<<<<

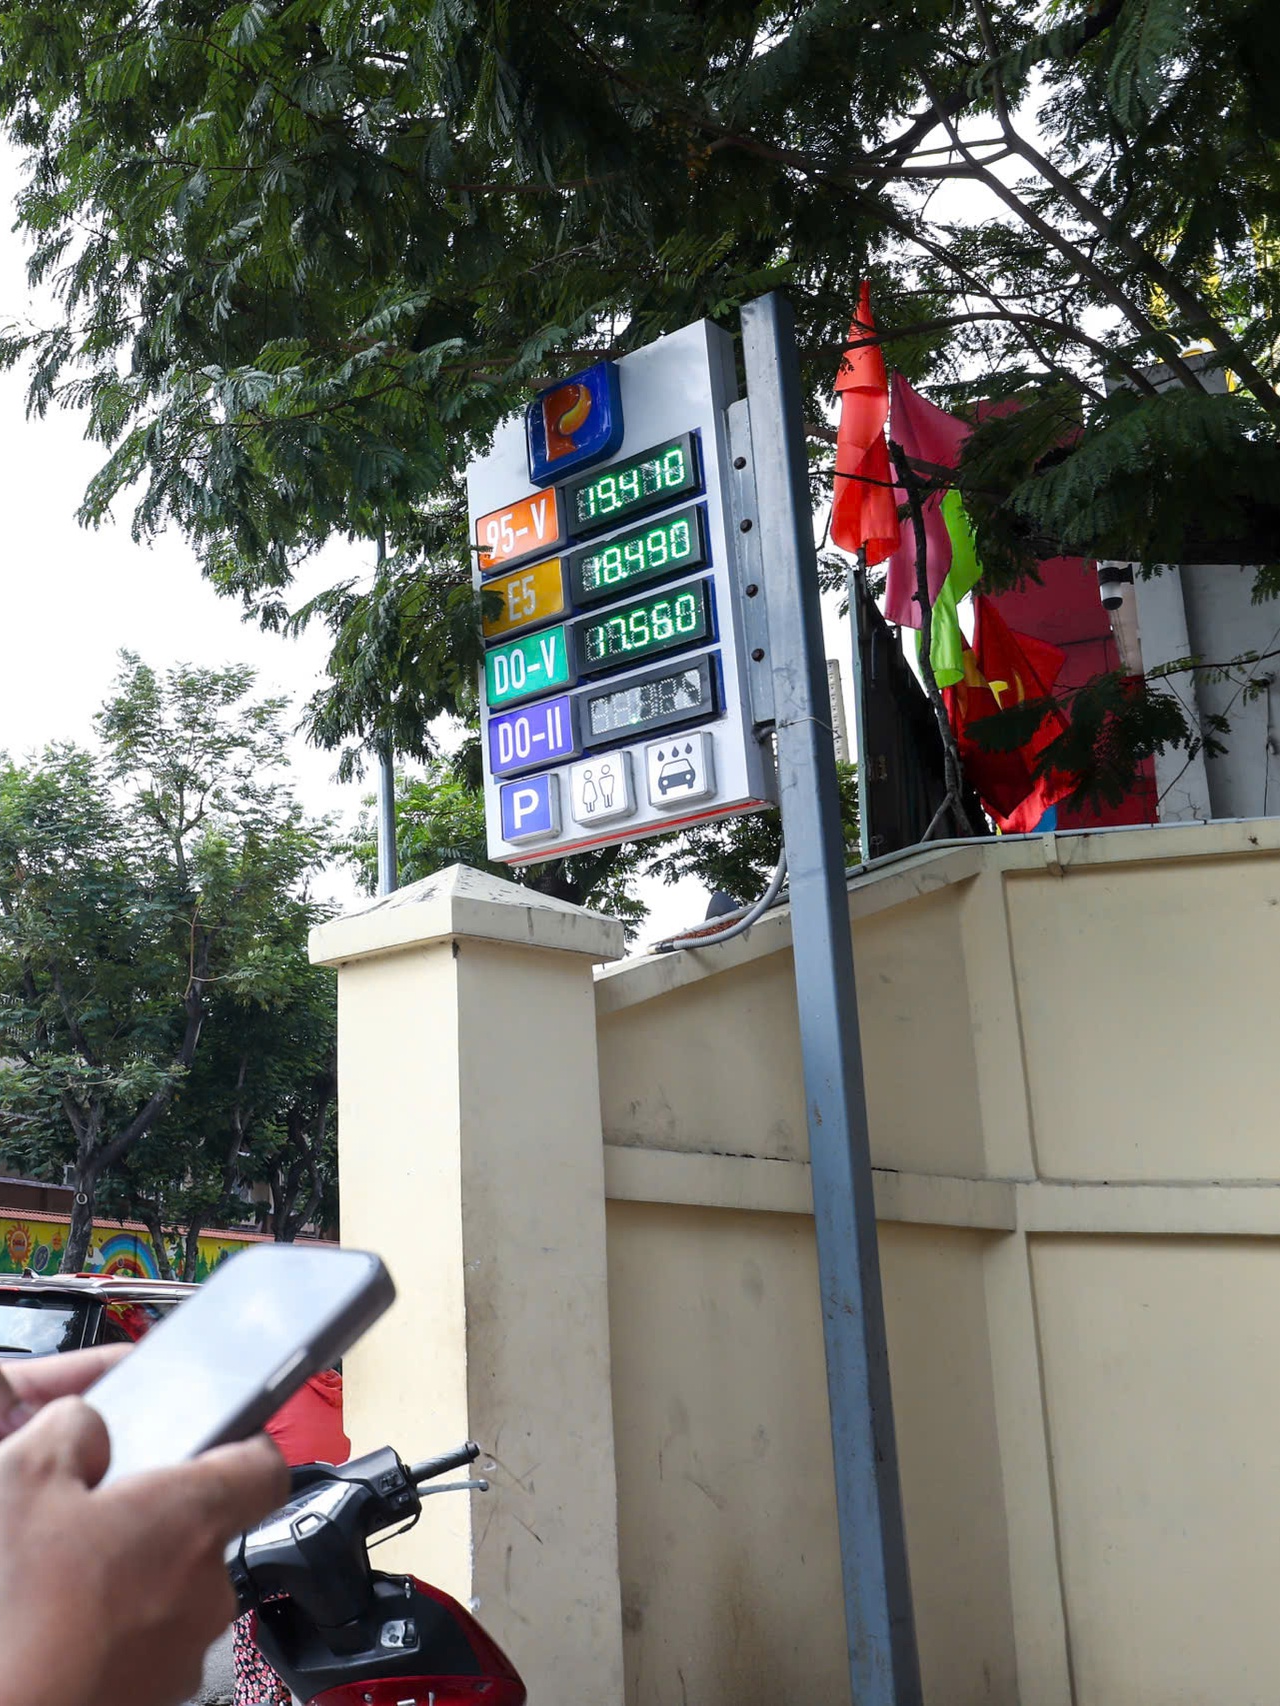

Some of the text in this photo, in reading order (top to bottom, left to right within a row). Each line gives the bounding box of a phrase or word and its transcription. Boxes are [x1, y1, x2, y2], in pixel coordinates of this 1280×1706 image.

[588, 449, 685, 516] 19.410
[486, 498, 546, 559] 95-V
[594, 521, 690, 586] 18.490
[507, 575, 536, 621] E5
[598, 594, 696, 657] 17.560
[494, 636, 556, 696] DO-V
[498, 706, 563, 764] DO-II
[513, 788, 540, 829] P

>>>>

» **Task to complete**
When you reach a picture in the records above, pass over it and transcribe the rest exactly.

» **Response**
Some of the text in this photo, in reading order (top to bottom, left to right within a row). Each line gives the bounding box of a phrase or word and its transcription. Boxes are [x1, y1, x2, y2], in pixel coordinates of this 1280×1706 image.

[588, 449, 685, 516] 19.410
[486, 498, 546, 559] 95-V
[594, 521, 690, 586] 18.490
[507, 575, 536, 621] E5
[598, 594, 696, 657] 17.560
[494, 636, 556, 696] DO-V
[498, 706, 563, 764] DO-II
[513, 788, 540, 829] P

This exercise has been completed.